Understanding the origin of our galaxy and black holes

By understanding the mass of quasar host galaxies, valuable insights into the early universe’s galaxy formation and black hole development can be gained. The findings of this study have been published in the prestigious journal Nature Astronomy.

EPFL astrophysicist Frédéric Courbin emphasises gravitational lensing’s precision and accuracy in obtaining reliable mass estimates of galaxies in the distant Universe, surpassing conventional techniques for measuring the mass of a galax

Courbin remarked, “The unprecedented precision and accuracy achieved with gravitational lensing provide a new avenue for obtaining robust mass estimates in the distant Universe, where conventional techniques lack precision and are susceptible to biases.”

Martin Millon, the lead author of the study, also commented on the value of gravitational lensing, stating that “the masses of host galaxies have been measured in the past, but thanks to gravitational lensing, this is the first time that the measurement is so precise in the distant Universe.”

Combining the gravitational lensing method and quasars

A quasar, a bright phenomenon caused by a massive black hole at the center of a galaxy, is challenging to measure in terms of its host galaxy’s weight due to its distance and intense brightness overpowering nearby objects.

However, the concept of the gravitational lensing method provides a solution. By utilising the gravitational lens effect, where foreground objects bend light from background objects, we can calculate the mass of the lensing object.

Recognising the potential of combining quasars and gravitational lensing, Courbin discovered the idea of determining the mass of a quasar’s host galaxy by identifying a quasar within a galaxy that also acts as a gravitational lens.

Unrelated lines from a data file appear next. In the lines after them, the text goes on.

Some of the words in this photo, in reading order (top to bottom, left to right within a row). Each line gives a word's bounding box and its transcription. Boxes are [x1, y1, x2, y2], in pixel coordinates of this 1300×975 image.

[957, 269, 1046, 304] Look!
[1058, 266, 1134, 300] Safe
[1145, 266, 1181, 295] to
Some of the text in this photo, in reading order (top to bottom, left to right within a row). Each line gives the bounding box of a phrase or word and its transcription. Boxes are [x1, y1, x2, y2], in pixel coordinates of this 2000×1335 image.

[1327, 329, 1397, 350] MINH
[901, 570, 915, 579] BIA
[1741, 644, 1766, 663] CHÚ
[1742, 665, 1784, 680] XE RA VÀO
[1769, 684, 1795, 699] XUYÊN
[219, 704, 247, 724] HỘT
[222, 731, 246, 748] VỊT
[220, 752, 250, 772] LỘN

The rarity of gravitational lensing quasars

Courbin used the SDSS database to find potential quasars with gravitational lensing.

Gravitational lensing events are rare, happening in only one out of a thousand galaxies, and the chance of a quasar acting as a lens is even rarer at one in a million.

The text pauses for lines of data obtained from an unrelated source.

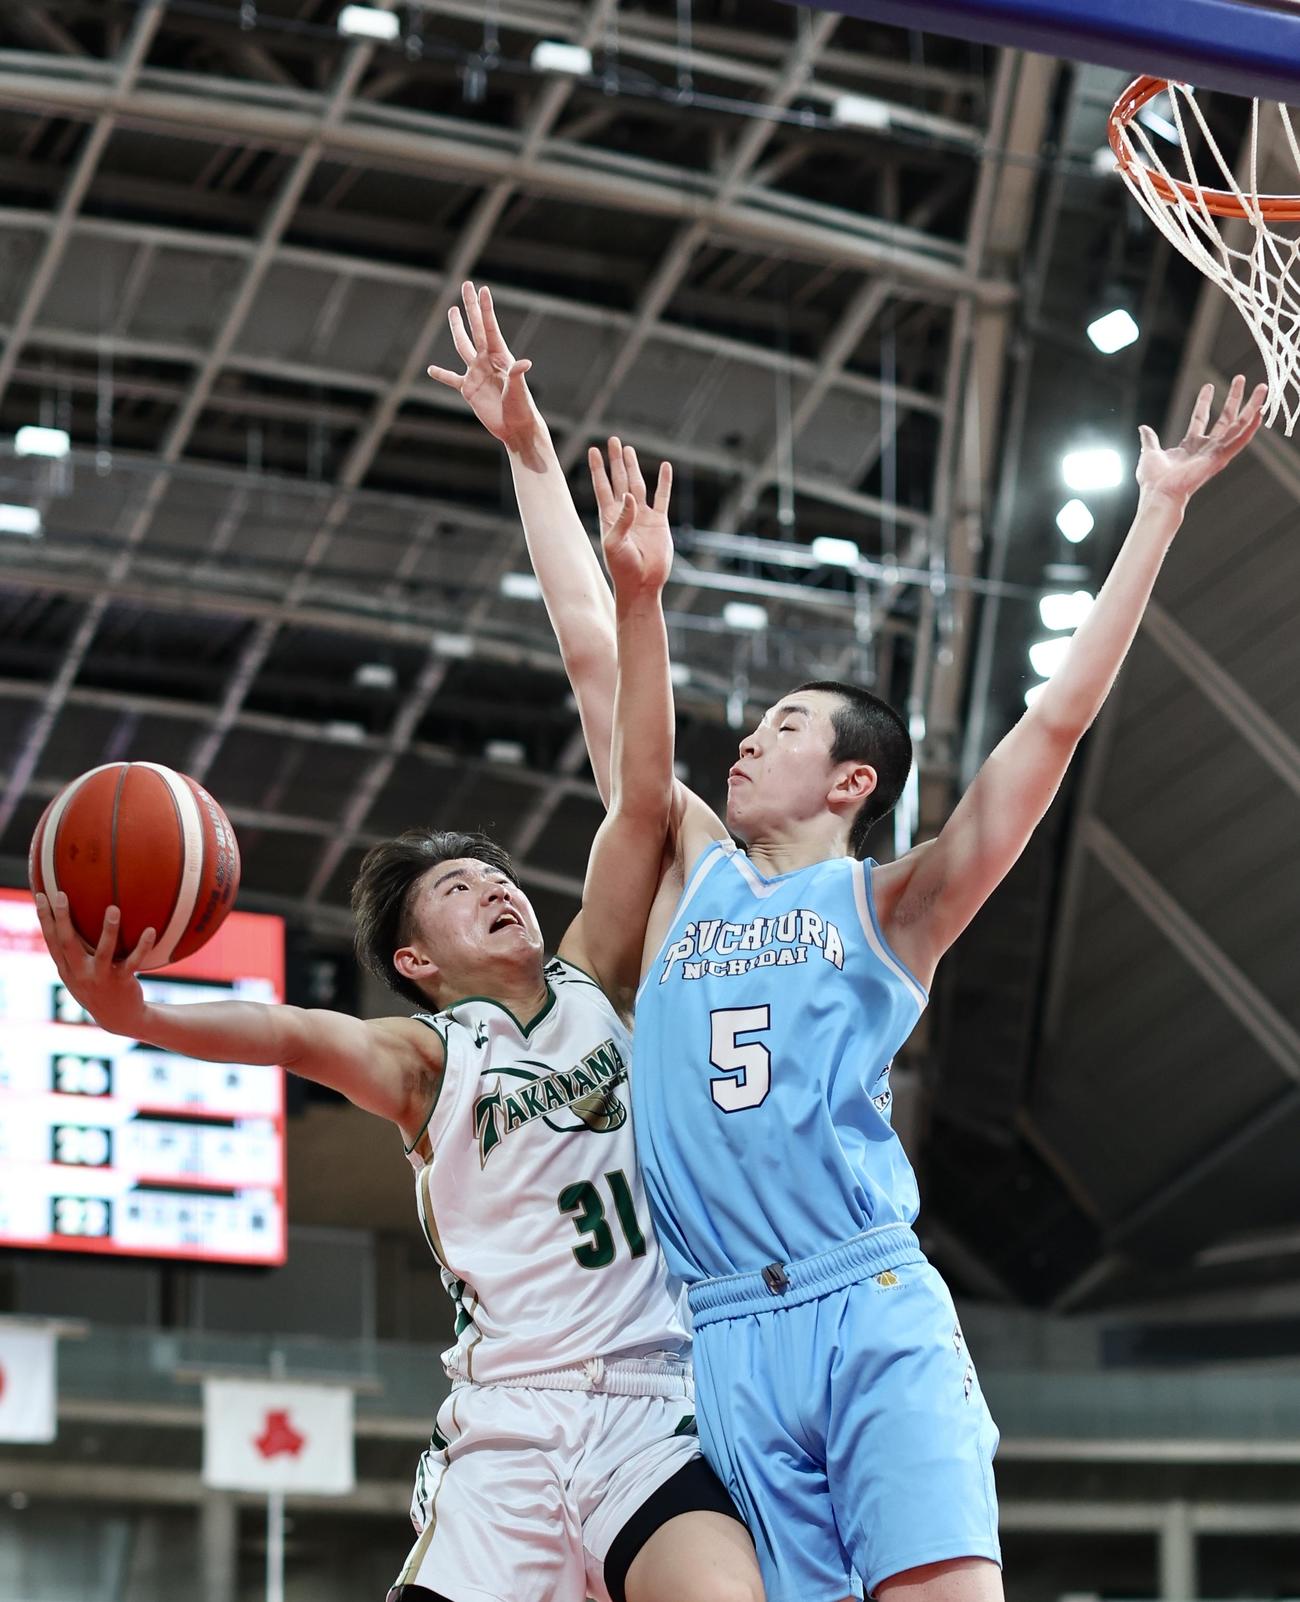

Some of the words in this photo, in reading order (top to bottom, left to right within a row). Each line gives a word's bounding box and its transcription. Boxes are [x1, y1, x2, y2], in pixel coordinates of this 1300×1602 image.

[682, 946, 808, 980] NICHIDAI
[472, 1038, 627, 1171] TAKAYAMA
[709, 1003, 772, 1114] 5
[557, 1168, 647, 1270] 31
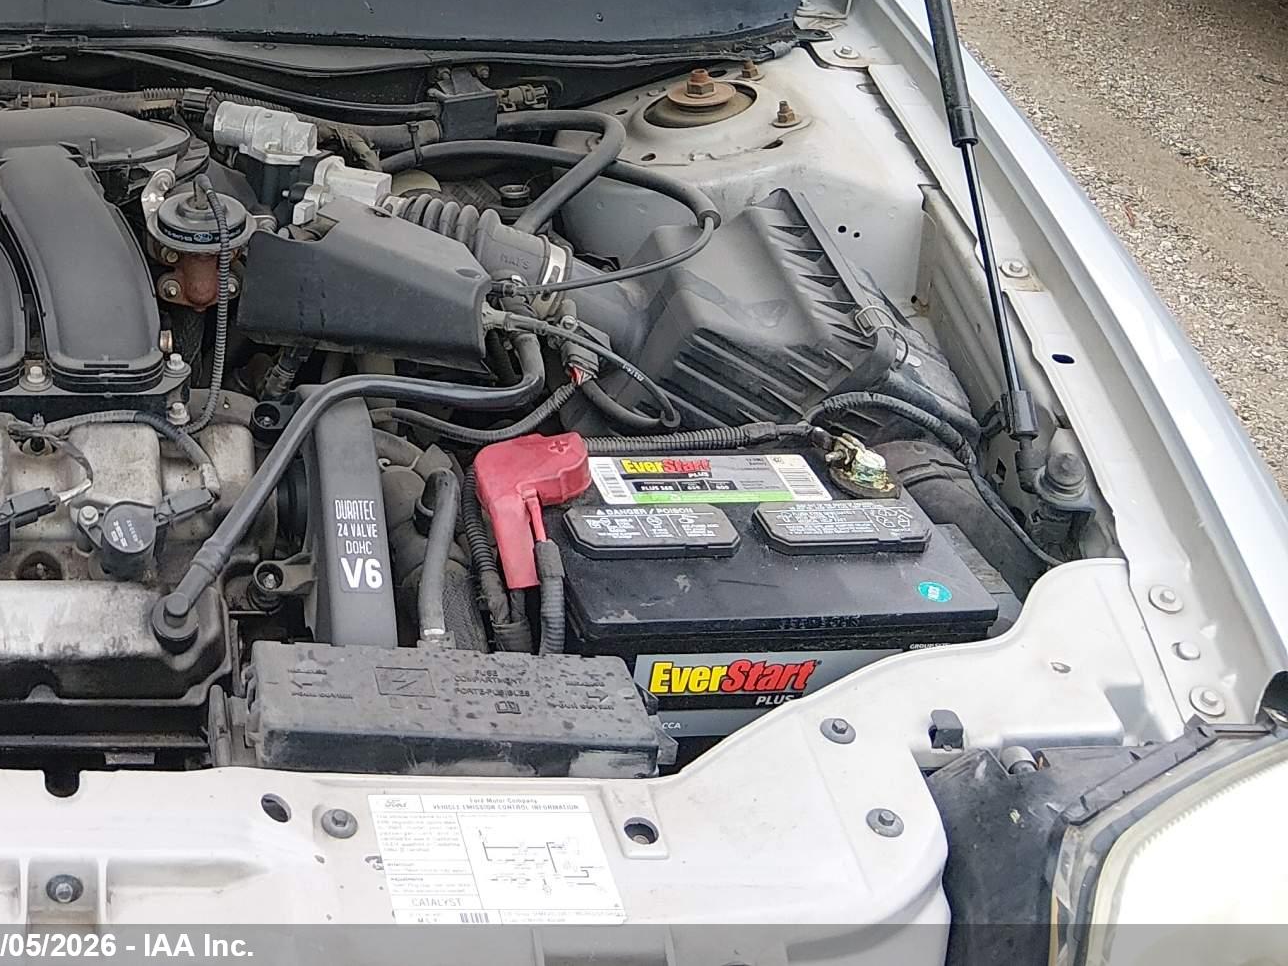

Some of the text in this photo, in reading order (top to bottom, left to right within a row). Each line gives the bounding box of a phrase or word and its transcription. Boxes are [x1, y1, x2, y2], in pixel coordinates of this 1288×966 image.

[620, 458, 712, 474] EverStart
[334, 499, 376, 521] DURATEC
[337, 523, 378, 538] 24 VALVE
[345, 540, 373, 554] DOHC
[340, 557, 383, 588] V6
[649, 658, 818, 694] EverStart
[755, 695, 795, 706] PLUS
[662, 721, 681, 730] CCA
[411, 897, 462, 907] CATALYST

However, the upcoming Euclid mission, set to launch this summer with a Falcon-9 SpaceX rocket, is expected to detect hundreds of these lensing quasars, providing valuable insights into our place in the universe.

In 2010, Courbin observed four candidates with the Hubble Telescope, discovering SDSS J0919+2720, which displayed distinctive gravitational lensing rings.

The image revealed two foreground objects, possibly merging galaxies: a bright quasar without a visible host galaxy on the left, and a main gravitational lensing galaxy on the right.

The rings represented distorted light from a background galaxy.

The SDSS J0919 + 2720 strongly lensed system. Credit: Nature Astronomy (2023). DOI: 10.1038/s41550-023-01982-2
The SDSS J0919 + 2720 strongly lensed system. Credit: Nature Astronomy (2023). DOI: 10.1038/s41550-023-01982-2

Understanding the value of computational lens modelling

The gravitational lensing rings in SDSS J0919+2720 can potentially provide information about the mass of the two bright objects.

Galan elaborated on this, “One of the biggest challenges in astrophysics is to understand how a supermassive black hole forms,” adding, “Knowing its mass, how it compares to its host galaxy and how it evolves through cosmic times, are what allows us to discard or validate certain formation theories.”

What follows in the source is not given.